[unisog] provide storage to Unix and Windows users

Patrick Darden darden at armc.org
Wed Oct 23 12:10:47 GMT 2002


We use Quantum's NAS here, and are very happy with it.  Until recently,
Network Appliance really had the edge both performance-wise and
features-wise with Journaling, Snapshots, redundant power supplies and
nics, etc. Quantum had the edge pricewise, but was still only competitive
in the small NAS arena.

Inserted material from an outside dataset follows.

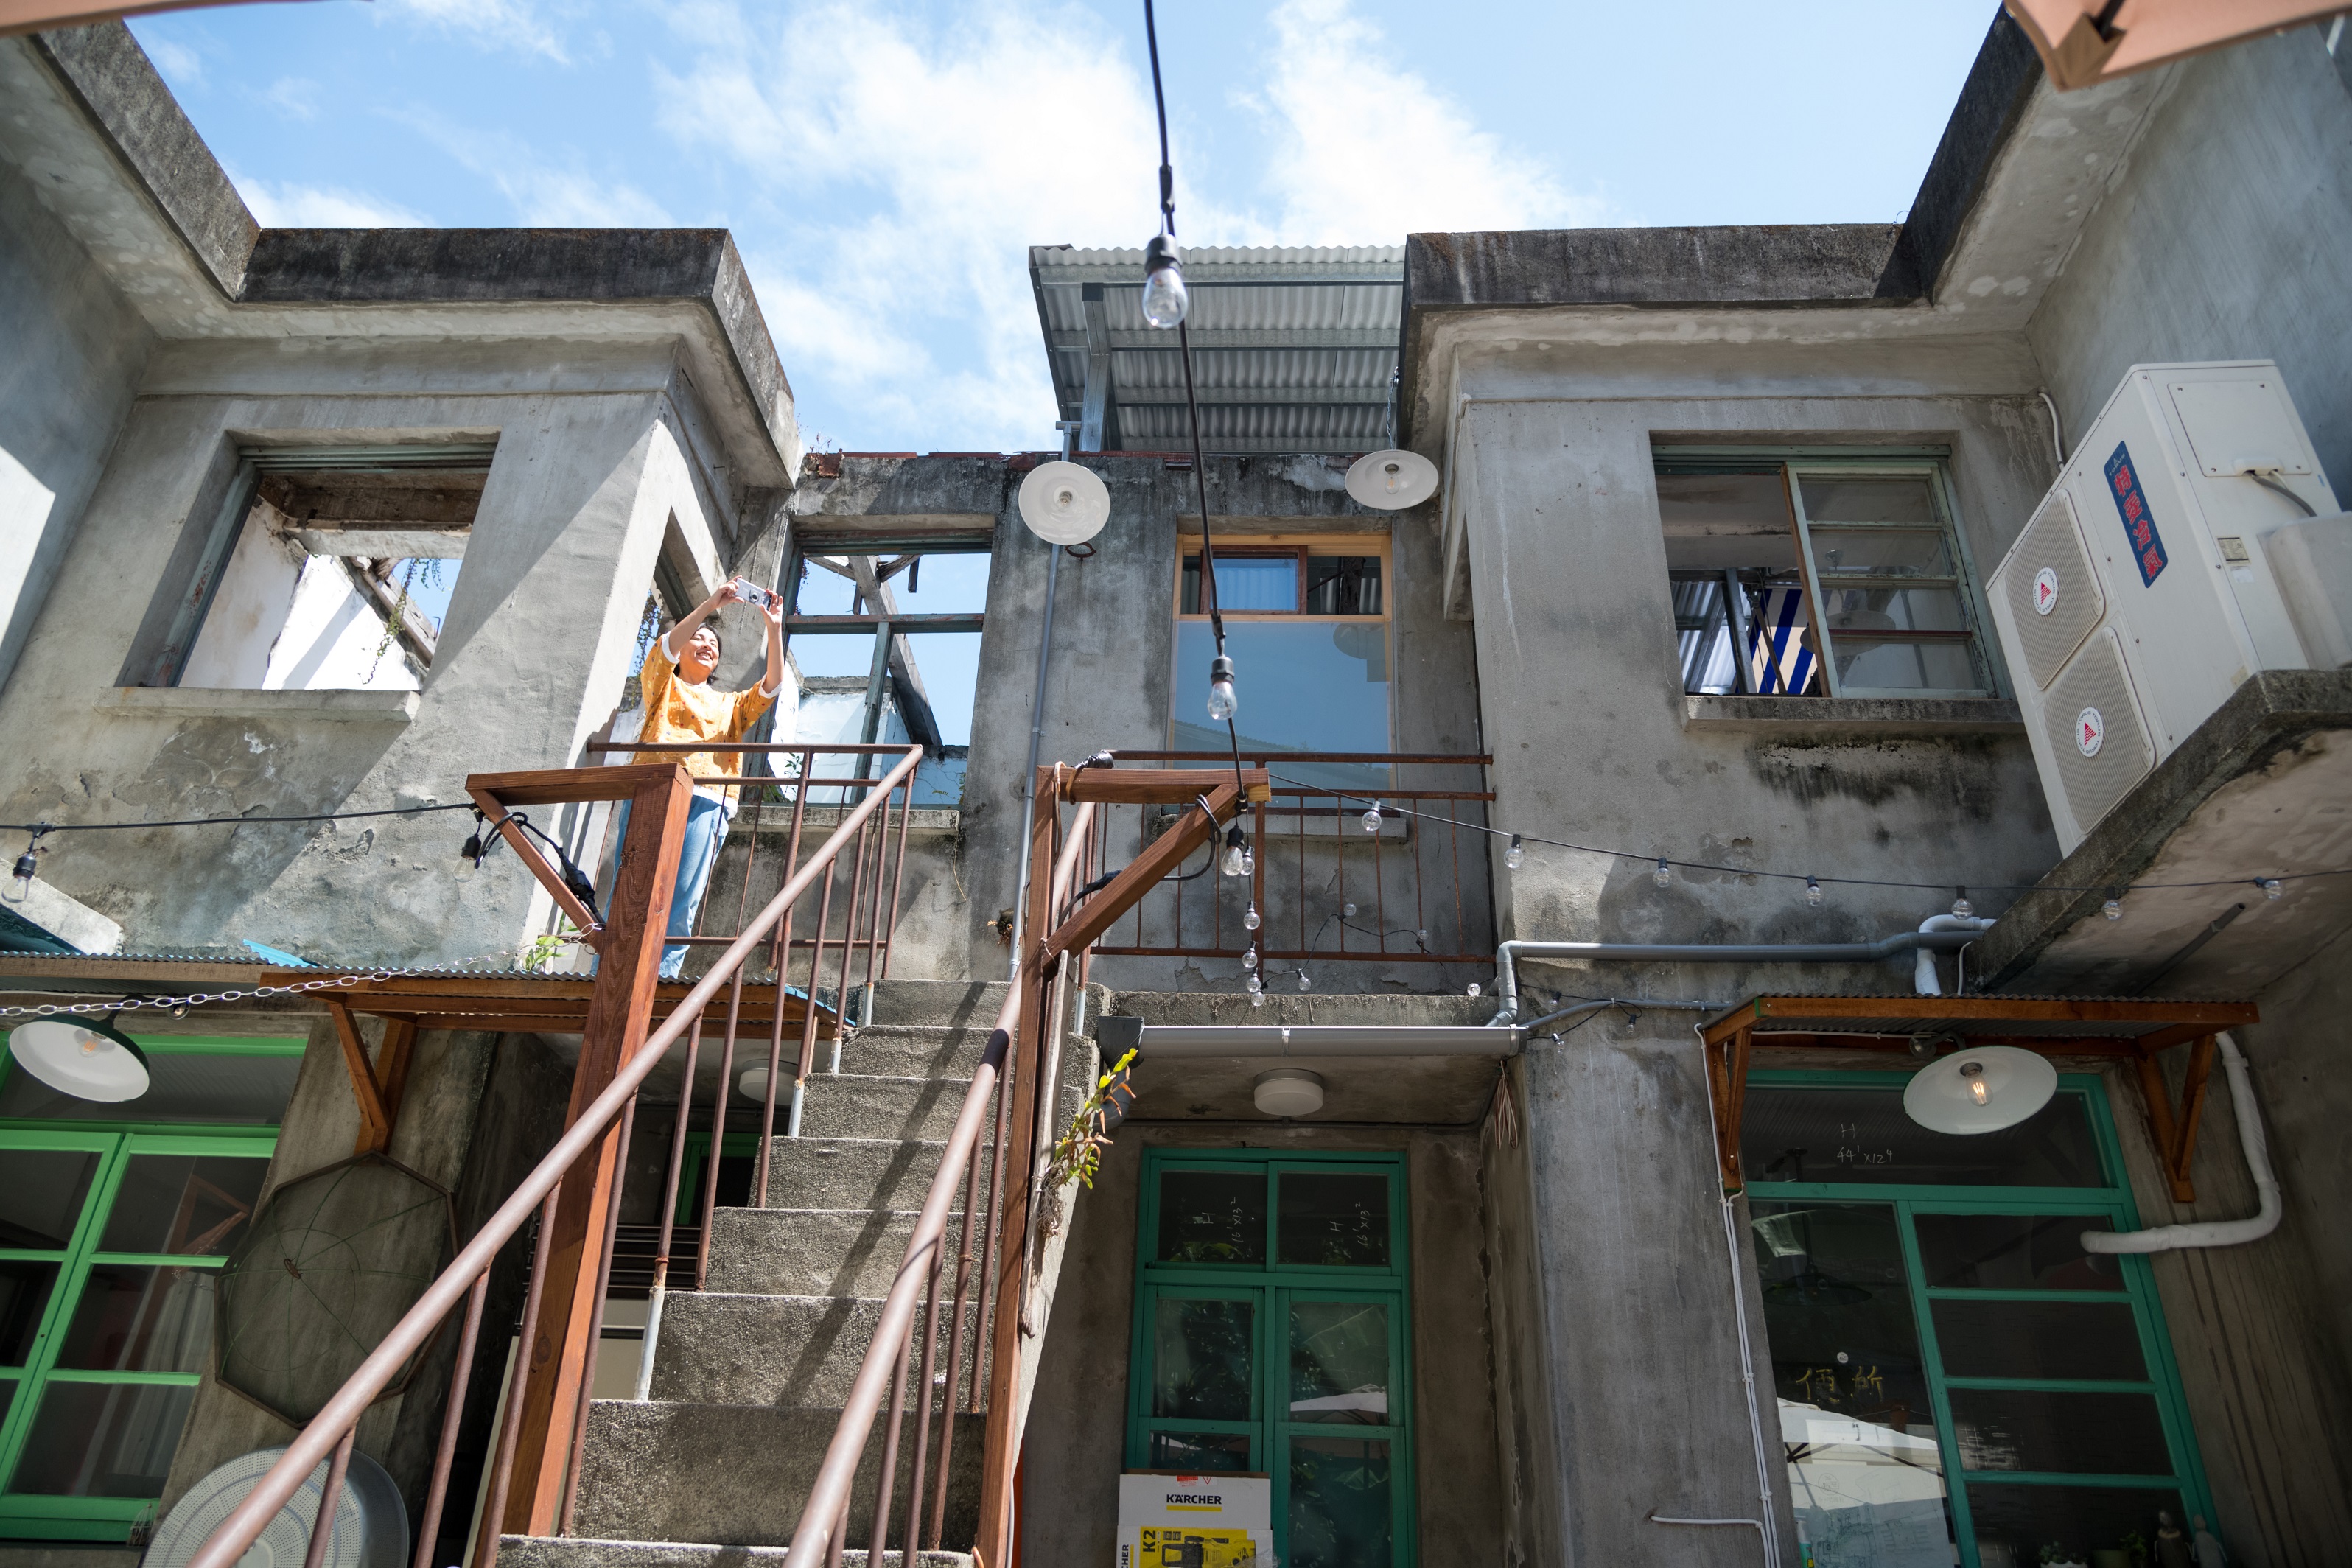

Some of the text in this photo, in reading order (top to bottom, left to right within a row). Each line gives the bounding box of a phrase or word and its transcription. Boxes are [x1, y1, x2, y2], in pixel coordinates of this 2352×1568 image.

However, in the past few months Quantum has
released their Guardian series of products with all kinds of advanced
features including journaling, snapshots, redundant power and nics, high
availability thru clustering, and huge amounts of storage per box.  Their
prices are still phenomenal as well.  They also support nfs2/3, SMB, NT
domain authentication, ADS, and even Apple file sharing.

Don't get me wrong, I have used Network Appliance boxes since the early
90's and have no complaints whatsoever.  They are a great high-end choice.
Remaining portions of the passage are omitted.